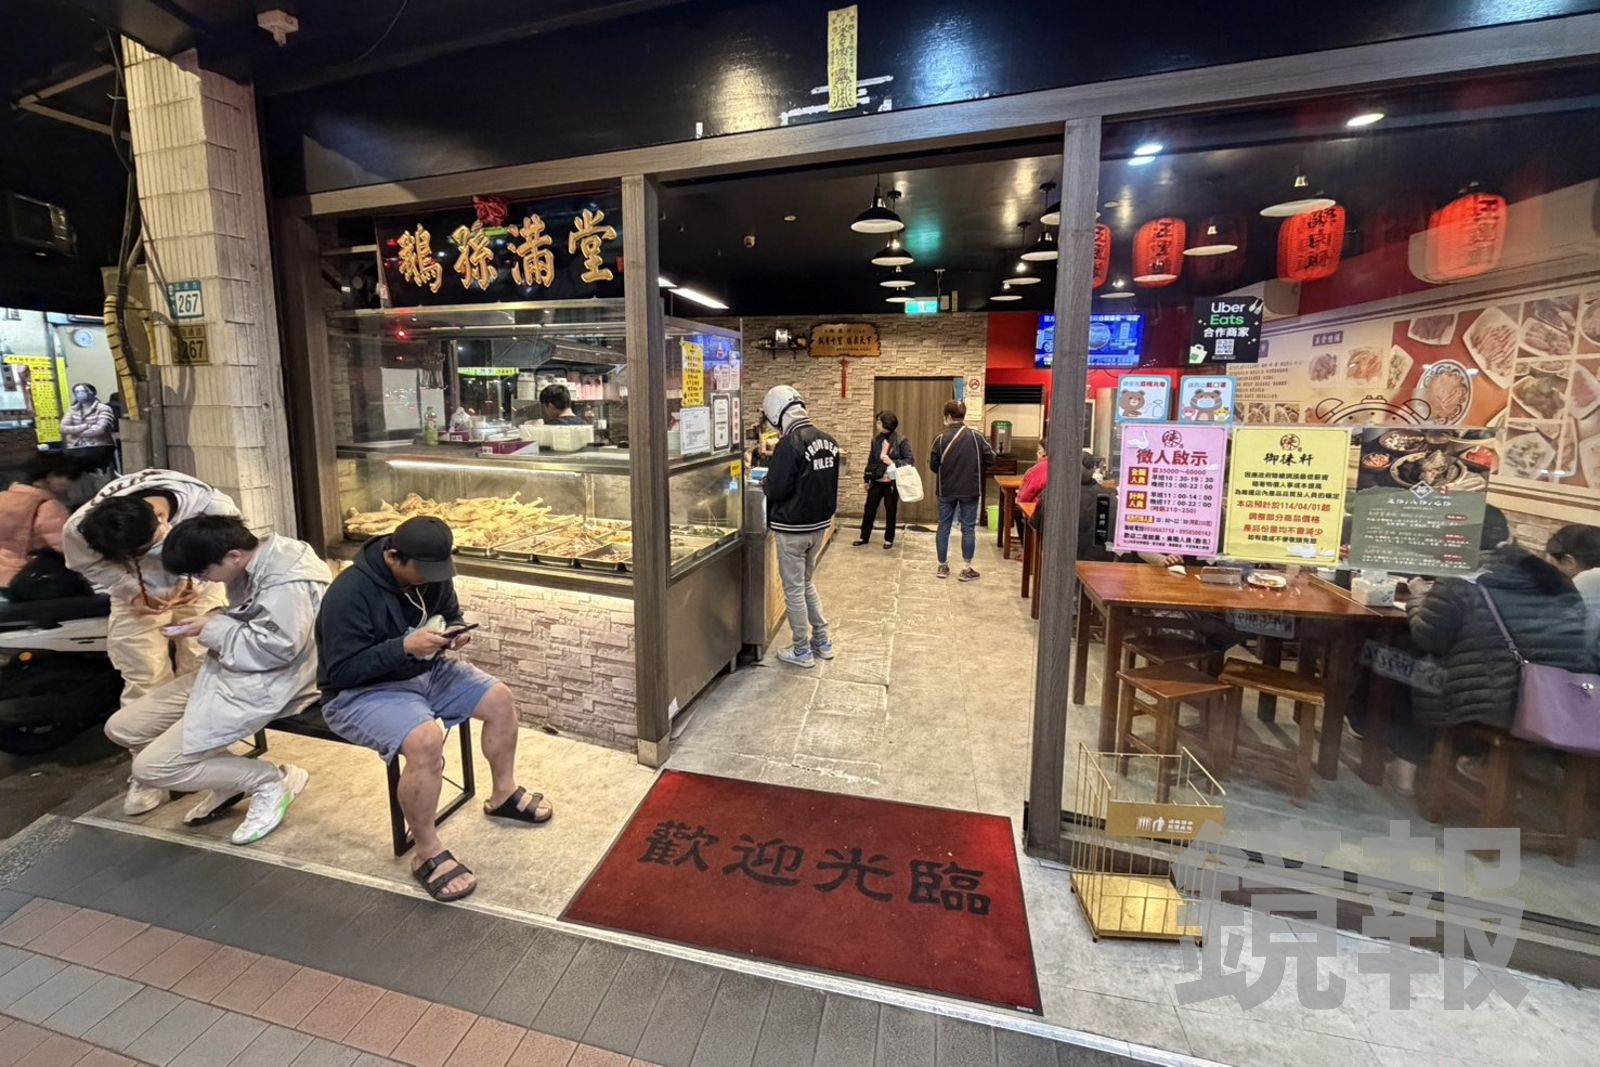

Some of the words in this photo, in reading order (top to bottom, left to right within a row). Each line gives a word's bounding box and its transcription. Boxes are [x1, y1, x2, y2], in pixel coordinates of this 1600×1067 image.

[178, 293, 199, 313] 267
[1211, 302, 1245, 313] Uber
[1210, 314, 1244, 325] Eats
[1203, 327, 1250, 338] 合作商家
[181, 340, 204, 359] 267
[813, 457, 834, 471] RULES
[1136, 448, 1209, 467] 徵人啟示
[637, 818, 992, 916] 歡迎光臨
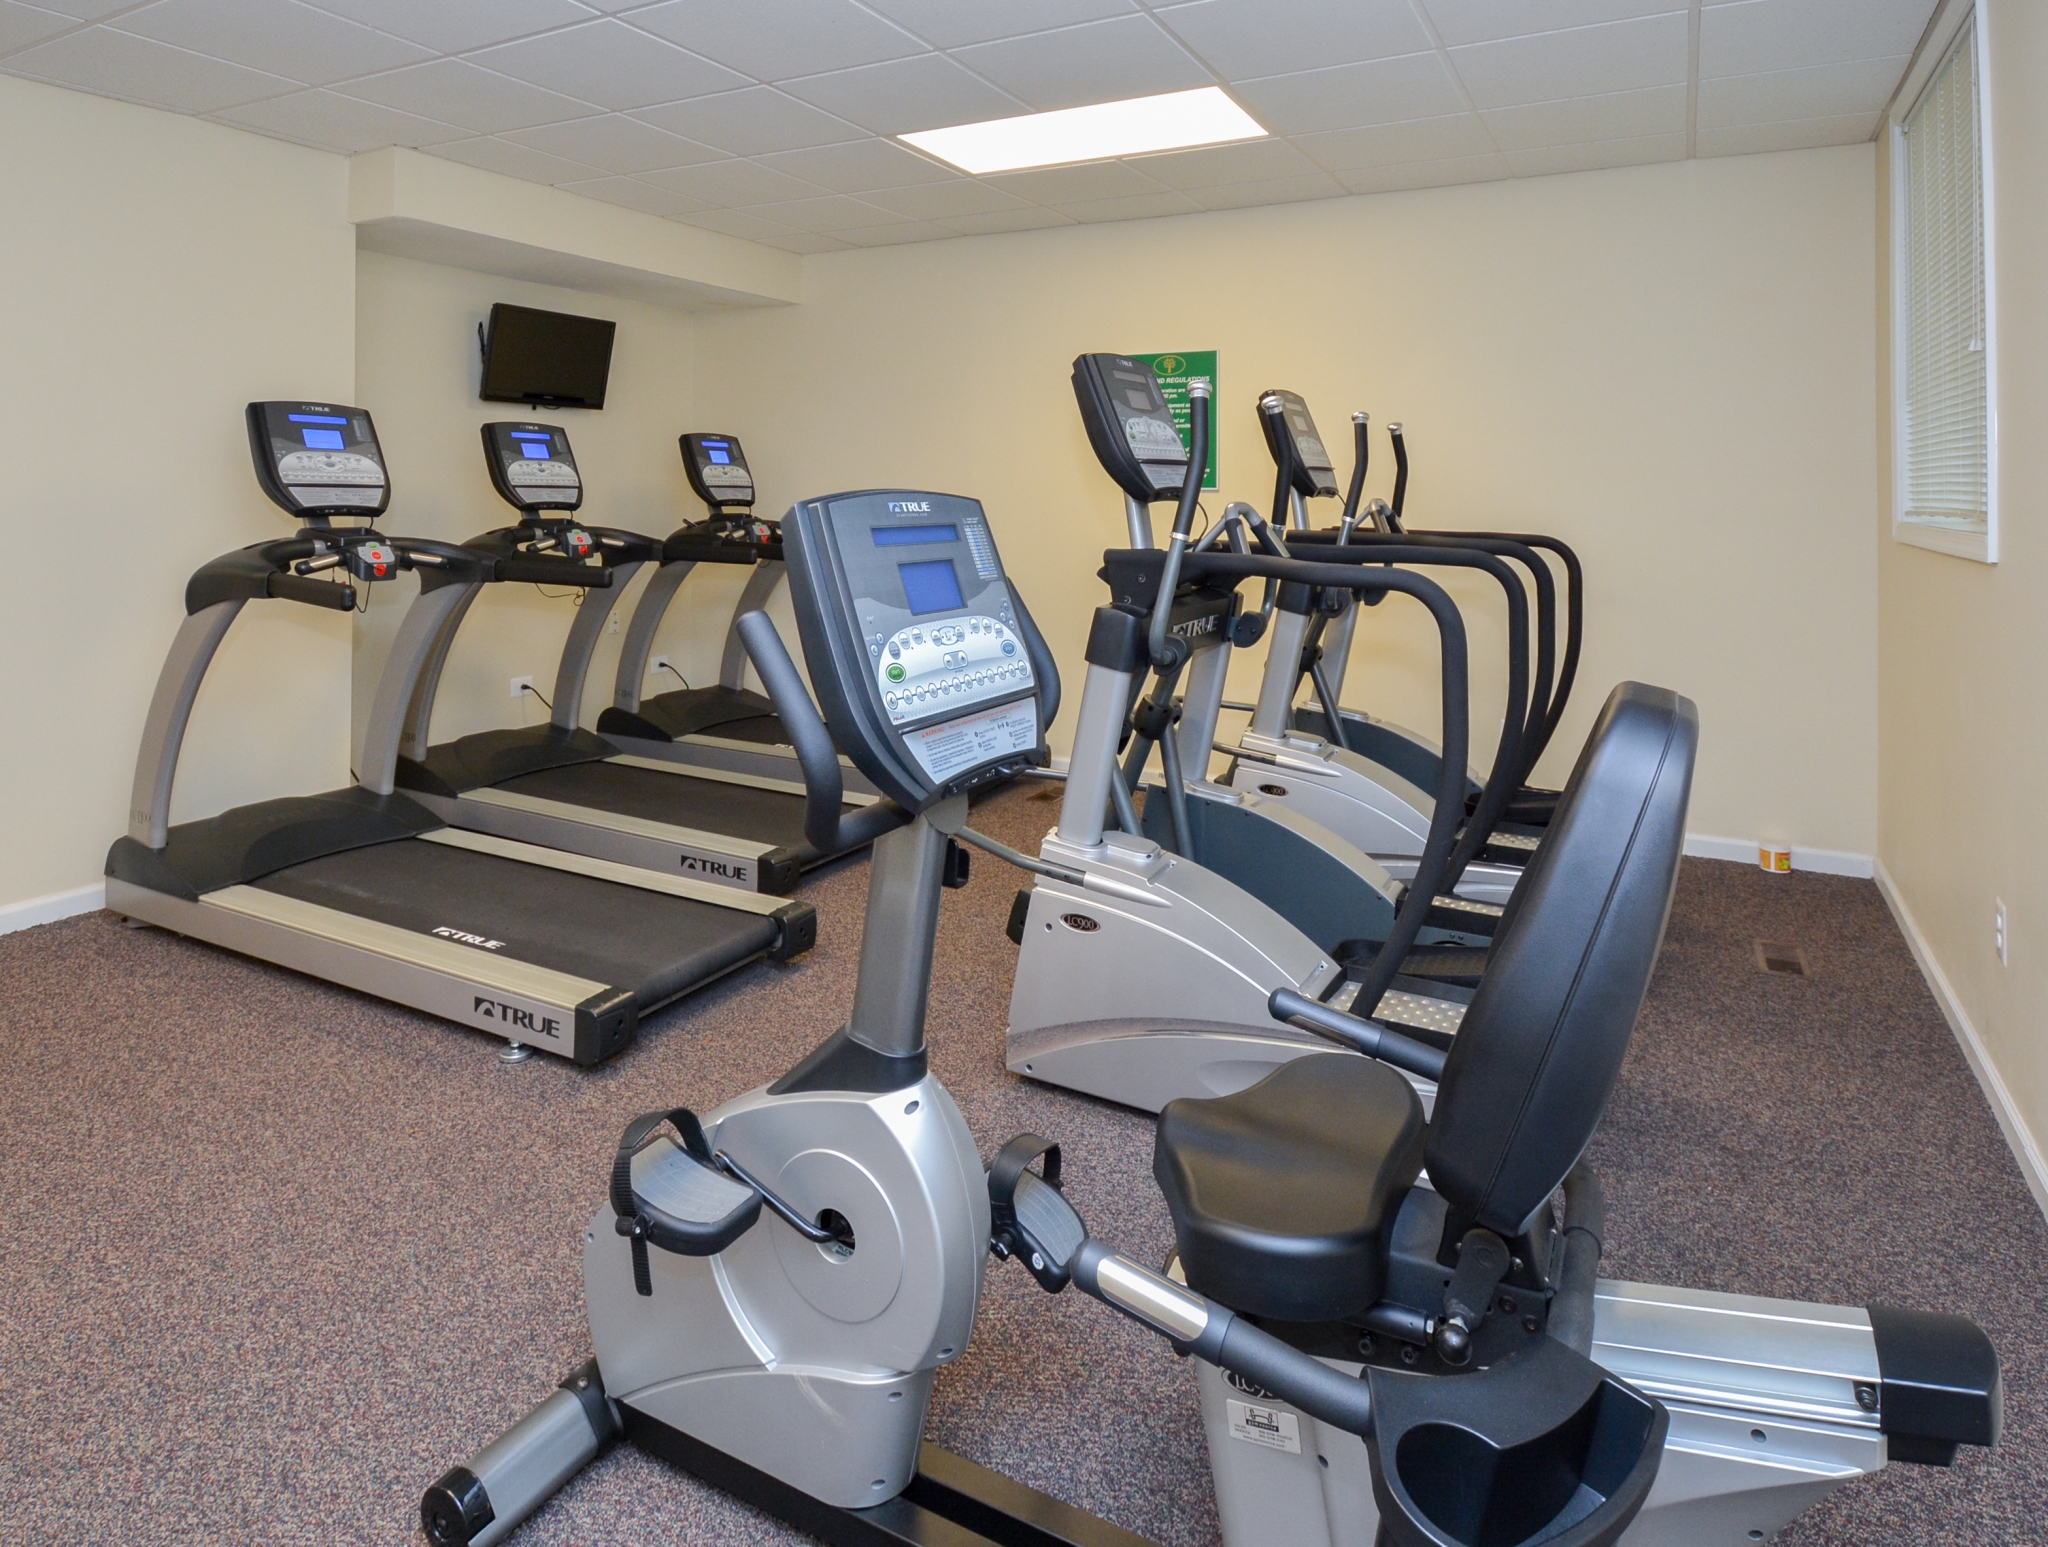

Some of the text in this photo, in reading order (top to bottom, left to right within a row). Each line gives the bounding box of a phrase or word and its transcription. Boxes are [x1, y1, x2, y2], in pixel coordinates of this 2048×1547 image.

[1166, 375, 1210, 384] REGULATIONS
[899, 501, 931, 513] TRUE
[1186, 614, 1220, 637] TRUE
[698, 858, 747, 882] TRUE
[1067, 915, 1095, 930] LC900
[452, 931, 507, 950] TRUE
[496, 1002, 561, 1039] TRUE

Exercise:
What's needed is an exact copy of every entry, free of pictures.

Response to this task:
Some of the words in this photo, in reading order (top to bottom, left to right within a row). Each line gives a word's bounding box and its transcription. Boxes are [x1, y1, x2, y2], in pixel coordinates of this 1600×1067 image.

[178, 293, 199, 313] 267
[1211, 302, 1245, 313] Uber
[1210, 314, 1244, 325] Eats
[1203, 327, 1250, 338] 合作商家
[181, 340, 204, 359] 267
[813, 457, 834, 471] RULES
[1136, 448, 1209, 467] 徵人啟示
[637, 818, 992, 916] 歡迎光臨

Some of the text in this photo, in reading order (top to bottom, left to right within a row). Each line gives the bounding box of a phrase or word and its transcription. Boxes are [x1, y1, x2, y2], in pixel coordinates of this 2048×1547 image.

[1166, 375, 1210, 384] REGULATIONS
[899, 501, 931, 513] TRUE
[1186, 614, 1220, 637] TRUE
[698, 858, 747, 882] TRUE
[1067, 915, 1095, 930] LC900
[452, 931, 507, 950] TRUE
[496, 1002, 561, 1039] TRUE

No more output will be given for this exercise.